Post-inflammatory hyperpigmentation (PIH) happens
when there is injury, friction, irritation or heat applied to the skin,
wounding the skin. The active melanocytes in skin of color react in an
effort to protect the skin from further damage.
The skin may turn tan, brown, or even a purple color. Over 65% of
Americans of African descent experience symptoms of PIH.
PIH can be epidermal, involving the top layer of
skin or dermal, in the deeper layers of the dermis or mixed. The type of
PIH can be determined through special lighting using a digital system.

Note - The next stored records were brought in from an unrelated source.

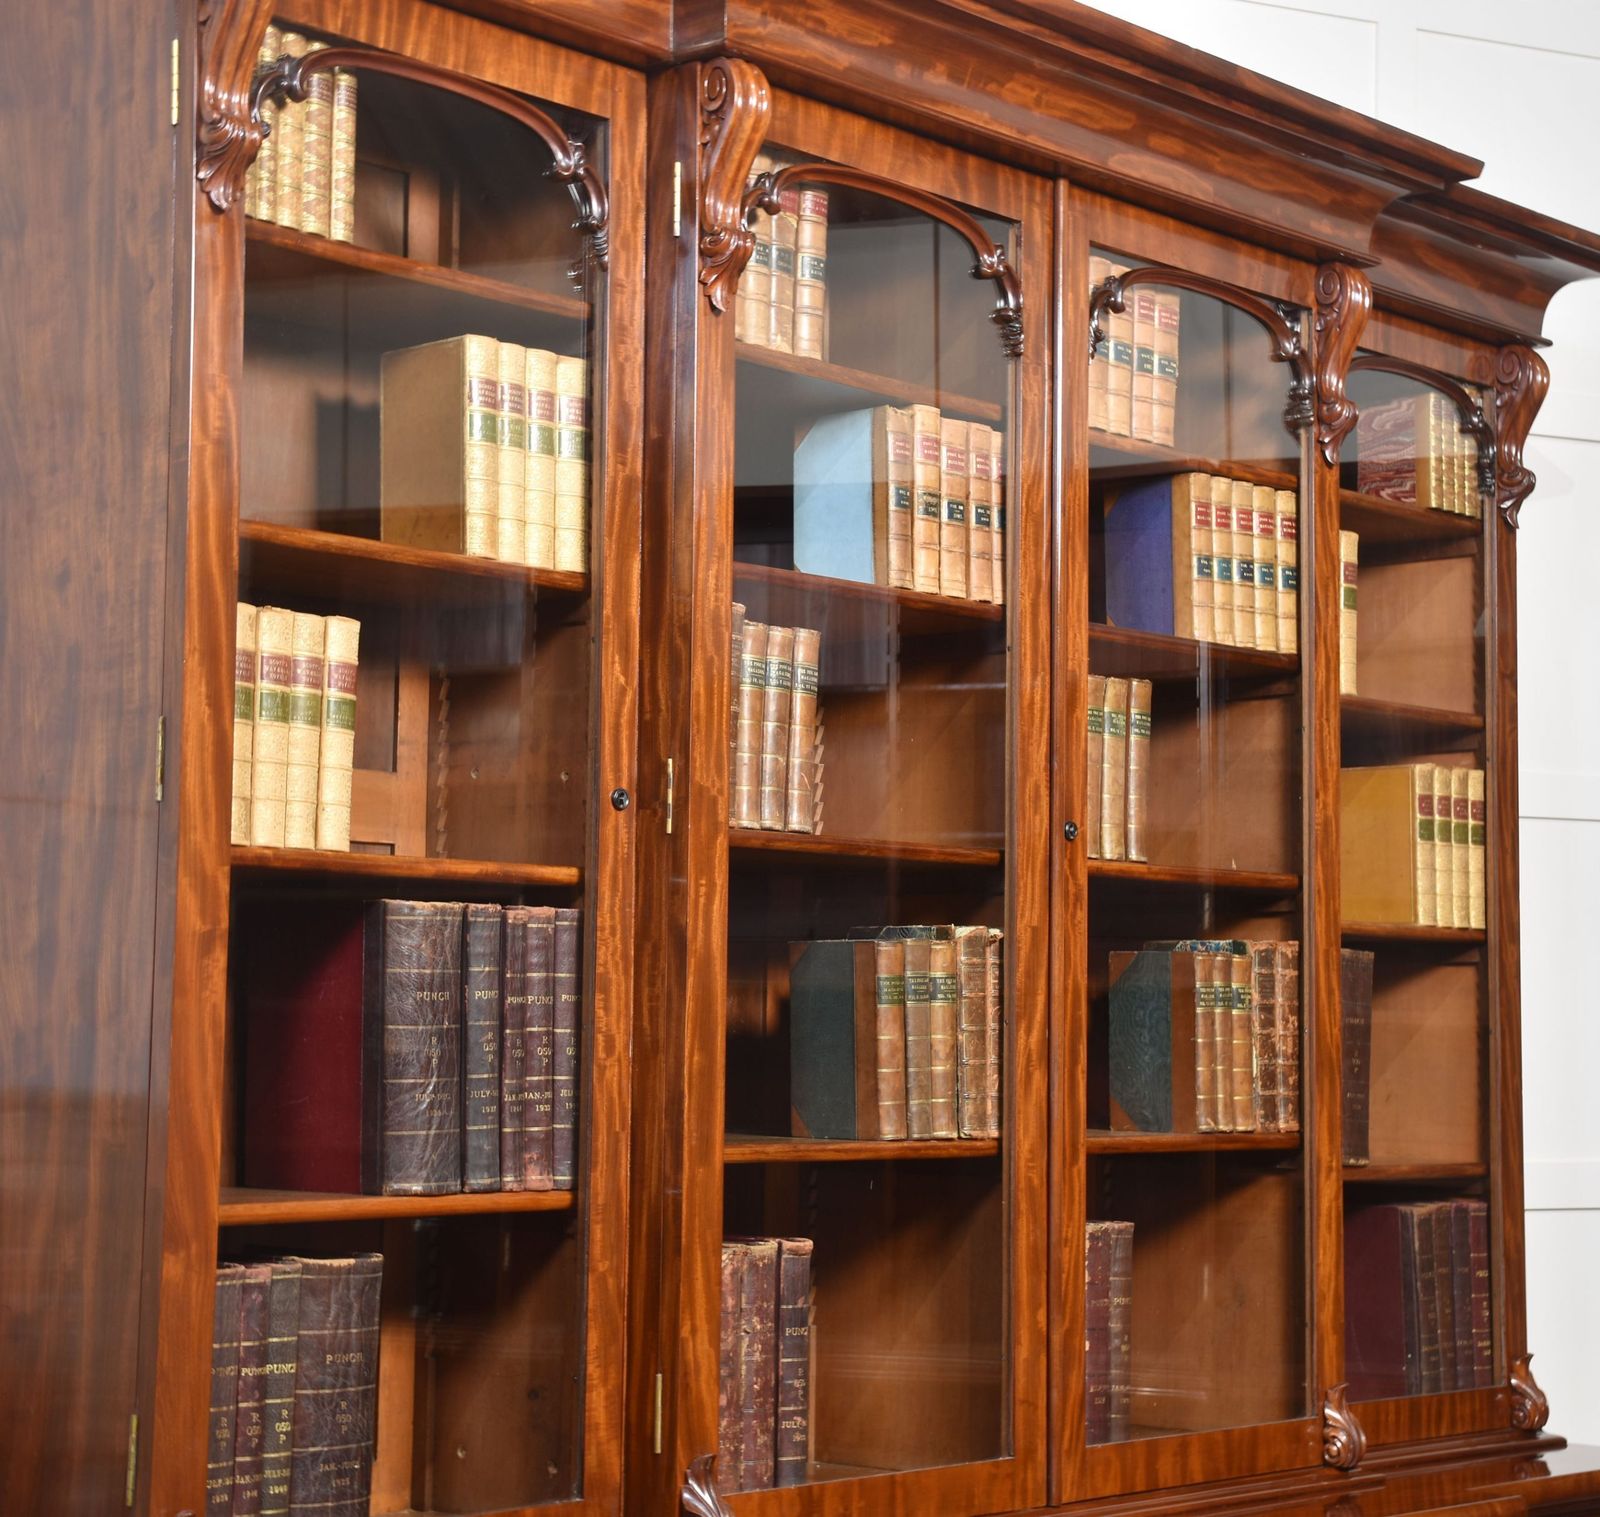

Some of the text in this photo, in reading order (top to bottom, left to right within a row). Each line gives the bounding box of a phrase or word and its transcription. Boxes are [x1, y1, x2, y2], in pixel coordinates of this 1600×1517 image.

[416, 991, 451, 1001] PUNCH
[475, 990, 499, 1000] PUNC
[326, 1352, 363, 1364] PUNCH
[266, 1362, 297, 1375] PUNC
[281, 1408, 289, 1419] R
[279, 1433, 287, 1445] P

Post inflammatory hyperpigmentation can take
months and even years to clear. Often aggressive therapy to treat the
PIH can risk the worsening of pigmentation as the melanocytes work to
protect the skin.
Keloids are a type of raised scar that occurs on
the skin after wounding. The healing process appears to be complete
because the epidermis is intact. The reticular dermis is still in a
state of inflammation, with fibroblast activity producing
an over abundance of collagen. Keloids can develop due to wounding from
piercings, cuts, tattoos, insect bites, puncture wounds, post- surgical
scars, shaving cuts and even micro-injuries from tightly braided hair.
Keloids are more common in people of color, especially Asian, Latinx and African descent.

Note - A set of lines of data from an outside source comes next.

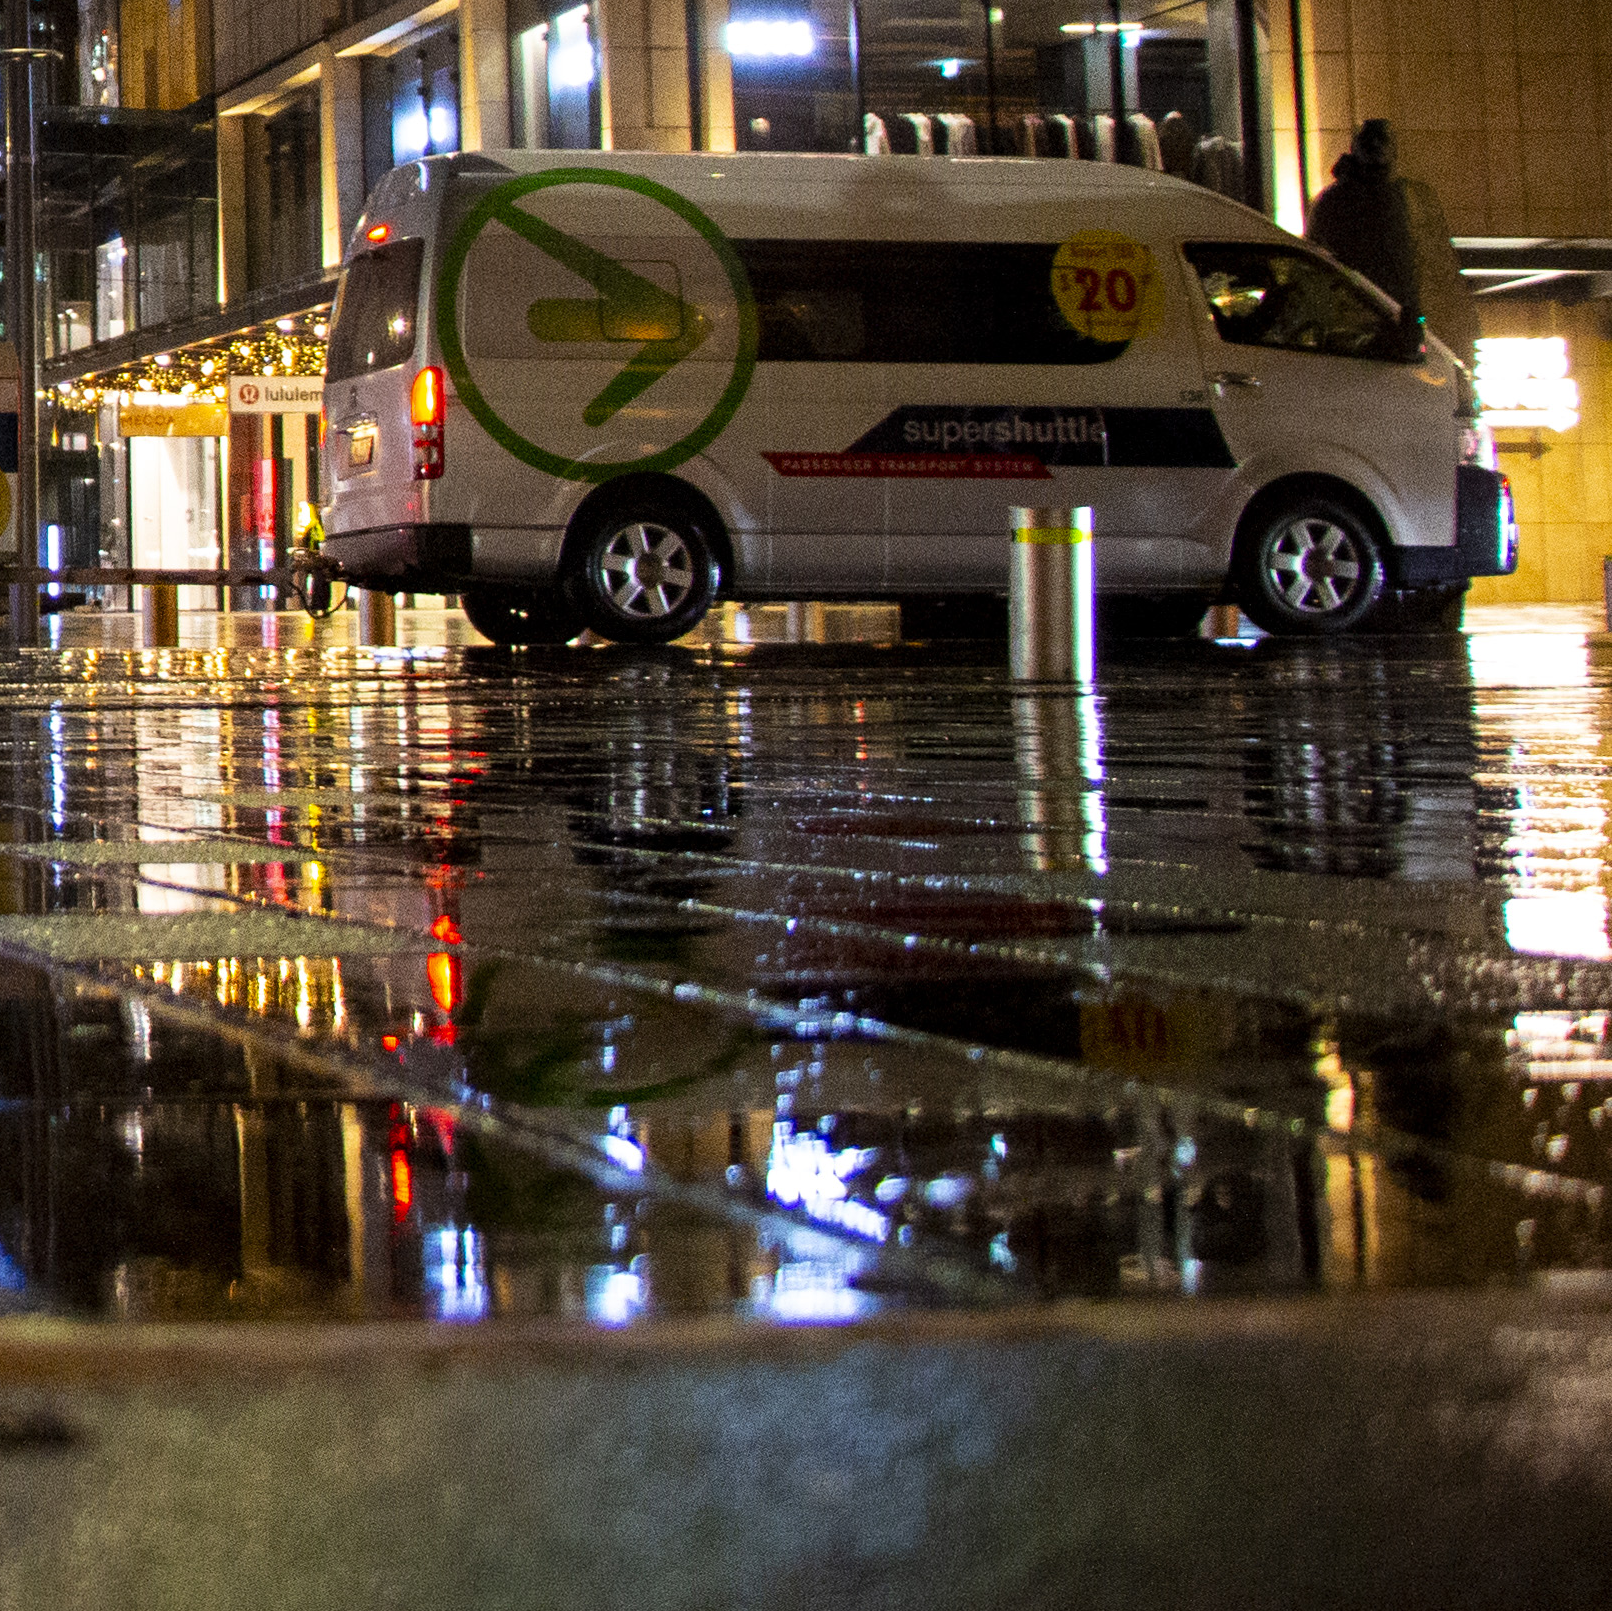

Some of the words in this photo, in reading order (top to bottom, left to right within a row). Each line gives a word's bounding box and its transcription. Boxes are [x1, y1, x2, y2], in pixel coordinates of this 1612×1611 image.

[264, 386, 324, 402] lululem
[121, 415, 175, 427] MECCA
[902, 414, 1107, 450] supershuttle
[780, 458, 873, 472] PASSENGER
[878, 459, 967, 473] TRANSPORT

Keloids can appear three to twelve months after the
wounding of the skin. The scar will eventually turn darker than the
person’s skin, although initially it will be pink, red or purple. The
borders are often darker than the center. Most
keloids grow slowly over a period of weeks or months although some grow
more rapidly. While they are growing keloids may feel tender and itchy.
The sensations stop once the keloid stops growing. Most are solid and
stable.
Wearing a pressure garment over a wounded area, including a pressure earring after a piercing may help prevent keloid growth.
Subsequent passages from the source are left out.